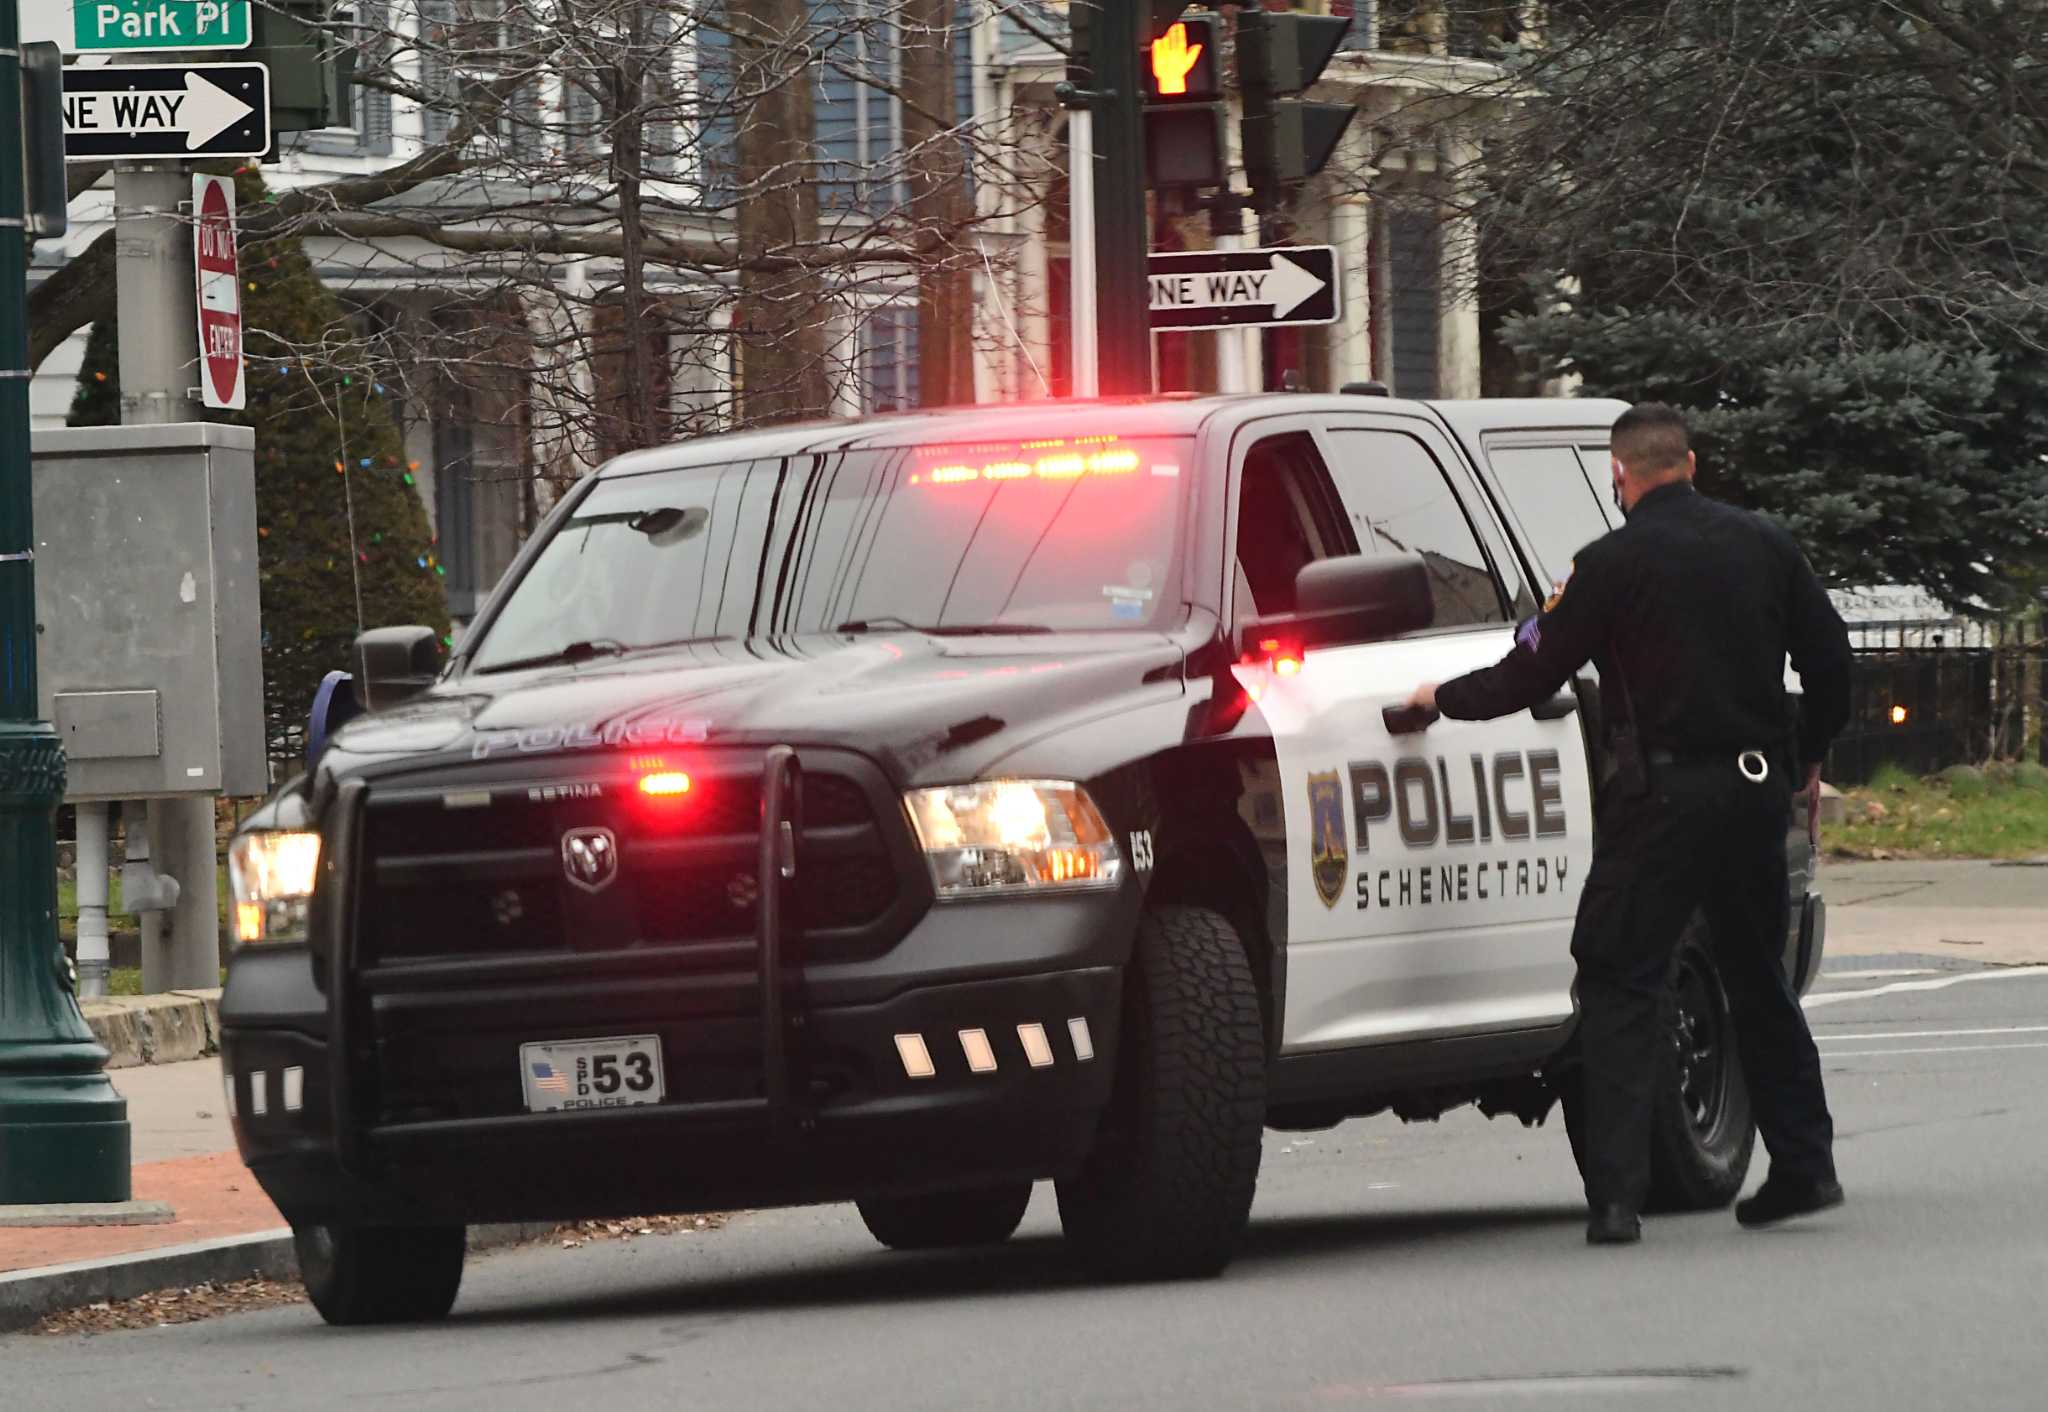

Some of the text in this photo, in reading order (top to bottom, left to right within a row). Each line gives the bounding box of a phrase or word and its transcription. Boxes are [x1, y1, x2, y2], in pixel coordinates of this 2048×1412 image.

[97, 4, 229, 38] Park Pl
[63, 94, 185, 128] NE WAY
[1150, 273, 1267, 305] NE WAY
[472, 719, 709, 760] POLICE
[1348, 749, 1566, 854] POLICE
[1356, 855, 1567, 910] SCHENECTADY
[576, 1056, 590, 1096] SPD
[593, 1051, 654, 1094] 53
[563, 1096, 627, 1110] POLICE

## TASK GOAL
Above are the records; transcribe them exactly without the pictures.

## RESPONSE
Some of the text in this photo, in reading order (top to bottom, left to right within a row). Each line gives the bounding box of a phrase or word and its transcription. Boxes are [x1, y1, x2, y2], in pixel coordinates of this 2048×1412 image.

[97, 4, 229, 38] Park Pl
[63, 94, 185, 128] NE WAY
[1150, 273, 1267, 305] NE WAY
[472, 719, 709, 760] POLICE
[1348, 749, 1566, 854] POLICE
[1356, 855, 1567, 910] SCHENECTADY
[576, 1056, 590, 1096] SPD
[593, 1051, 654, 1094] 53
[563, 1096, 627, 1110] POLICE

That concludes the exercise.